### [WORK INSTRUCTION]
Return the entries below word for word. No picture belongs in the copy.

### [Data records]
:::::

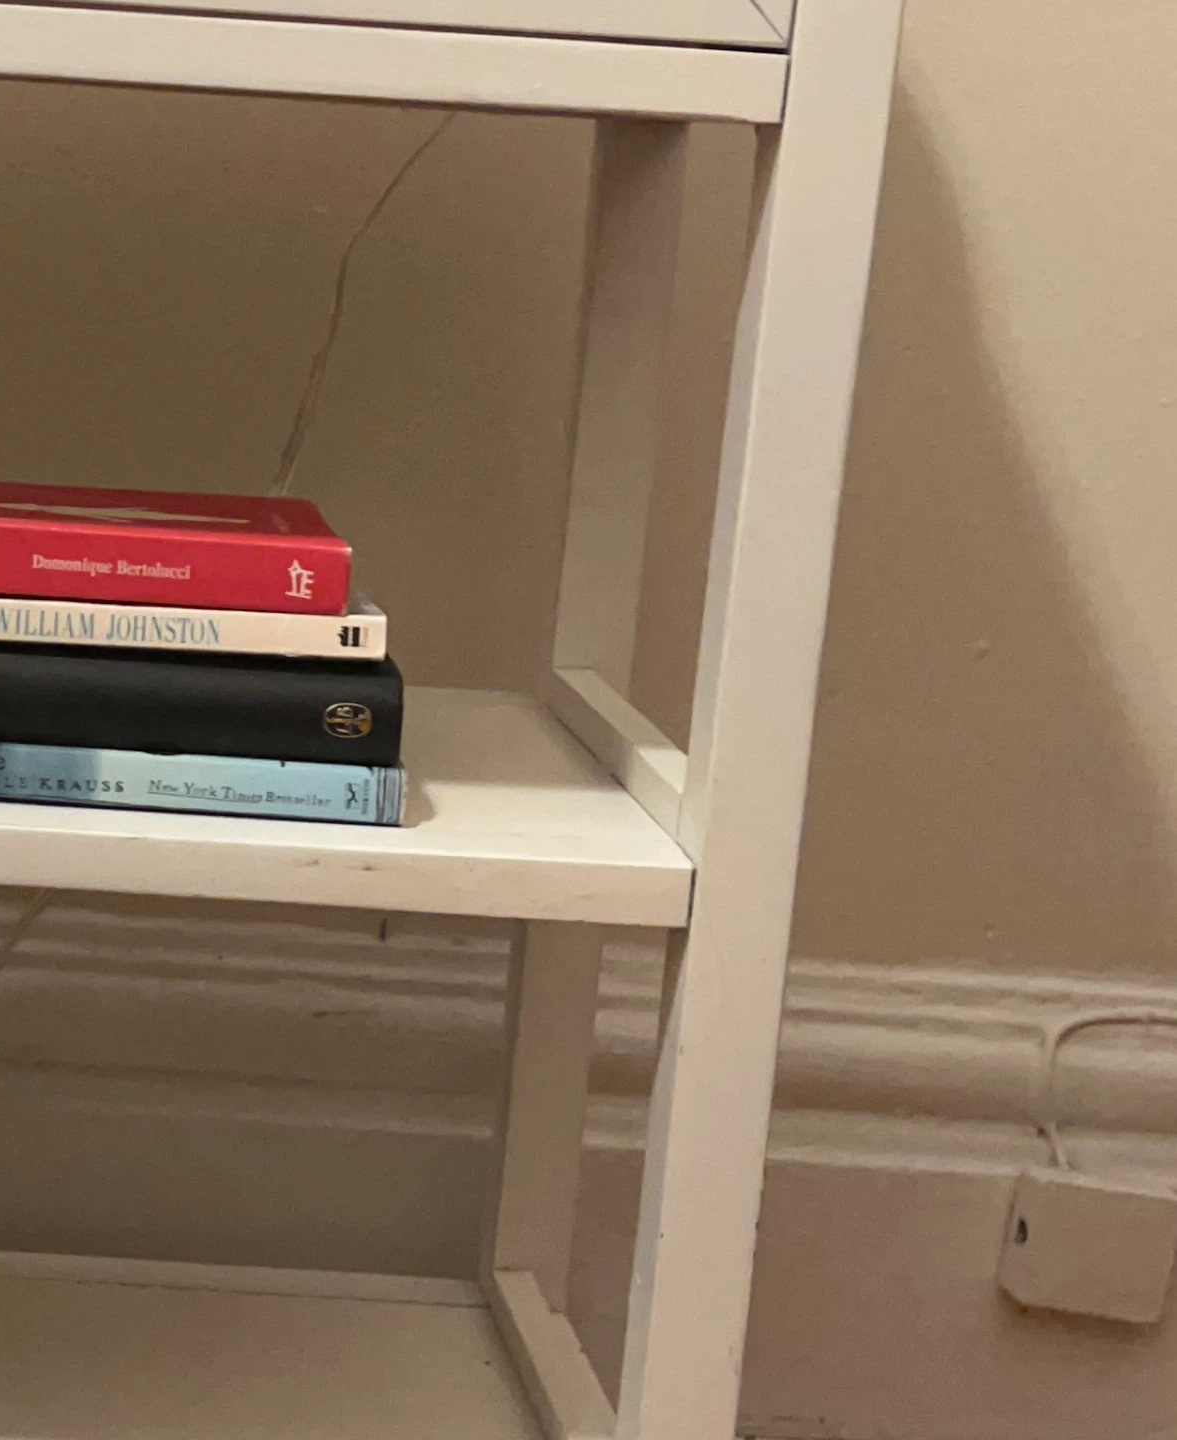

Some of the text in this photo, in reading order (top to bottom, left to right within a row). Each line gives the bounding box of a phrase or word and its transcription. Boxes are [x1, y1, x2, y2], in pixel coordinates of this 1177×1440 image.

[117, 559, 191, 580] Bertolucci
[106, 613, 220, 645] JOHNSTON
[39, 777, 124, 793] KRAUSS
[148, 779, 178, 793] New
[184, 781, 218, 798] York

:::::

### [OUTPUT FOR THIS TASK]
Some of the text in this photo, in reading order (top to bottom, left to right within a row). Each line gives the bounding box of a phrase or word and its transcription. Boxes are [x1, y1, x2, y2], in pixel coordinates of this 1177×1440 image.

[117, 559, 191, 580] Bertolucci
[106, 613, 220, 645] JOHNSTON
[39, 777, 124, 793] KRAUSS
[148, 779, 178, 793] New
[184, 781, 218, 798] York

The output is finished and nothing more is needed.